- [ACTIVITY] Output every line below as it stands, dropping only the images.

----------

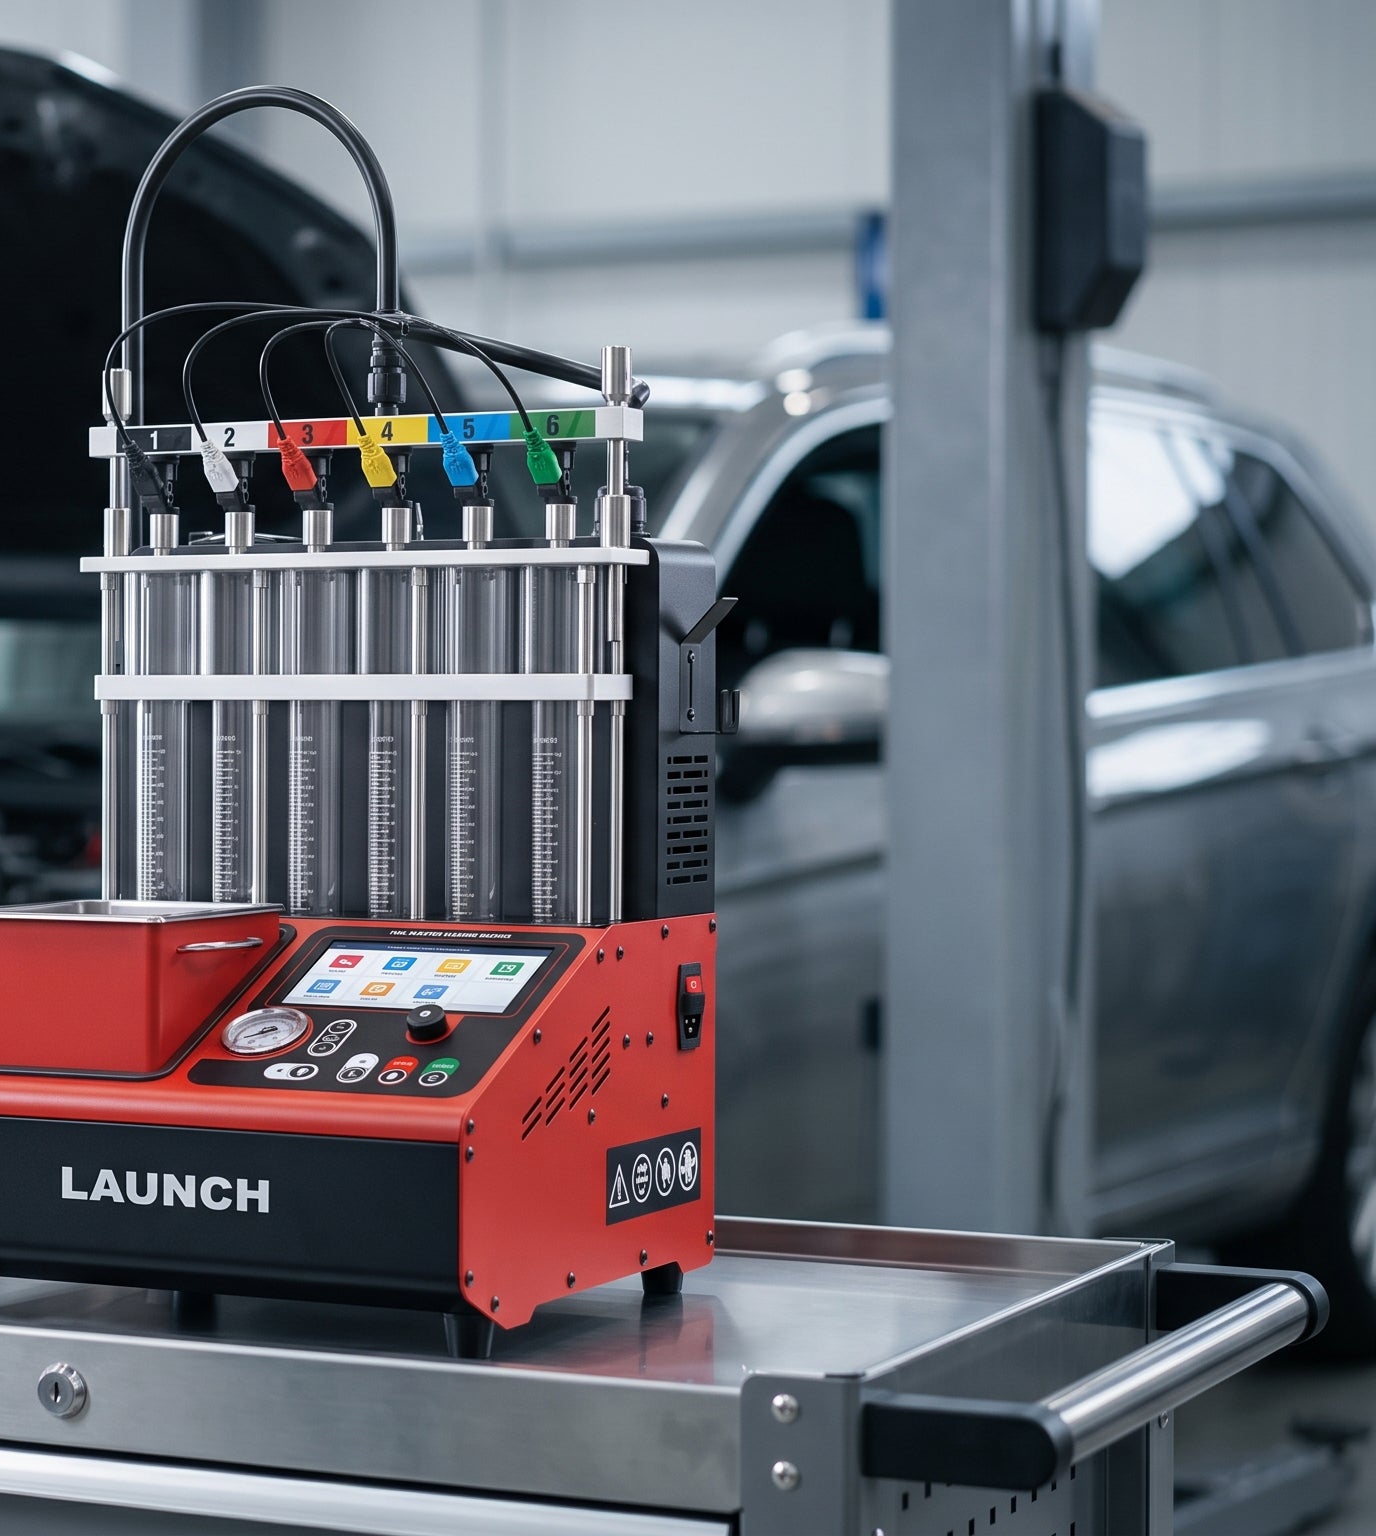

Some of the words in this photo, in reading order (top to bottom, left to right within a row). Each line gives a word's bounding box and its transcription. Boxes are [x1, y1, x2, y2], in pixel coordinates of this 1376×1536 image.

[150, 430, 158, 450] 1
[224, 427, 235, 447] 2
[301, 424, 314, 444] 3
[380, 421, 393, 441] 4
[463, 418, 474, 439] 5
[546, 414, 559, 436] 6
[61, 1166, 270, 1213] LAUNCH

----------

- [TASK ANSWER]
Some of the words in this photo, in reading order (top to bottom, left to right within a row). Each line gives a word's bounding box and its transcription. Boxes are [x1, y1, x2, y2], in pixel coordinates of this 1376×1536 image.

[150, 430, 158, 450] 1
[224, 427, 235, 447] 2
[301, 424, 314, 444] 3
[380, 421, 393, 441] 4
[463, 418, 474, 439] 5
[546, 414, 559, 436] 6
[61, 1166, 270, 1213] LAUNCH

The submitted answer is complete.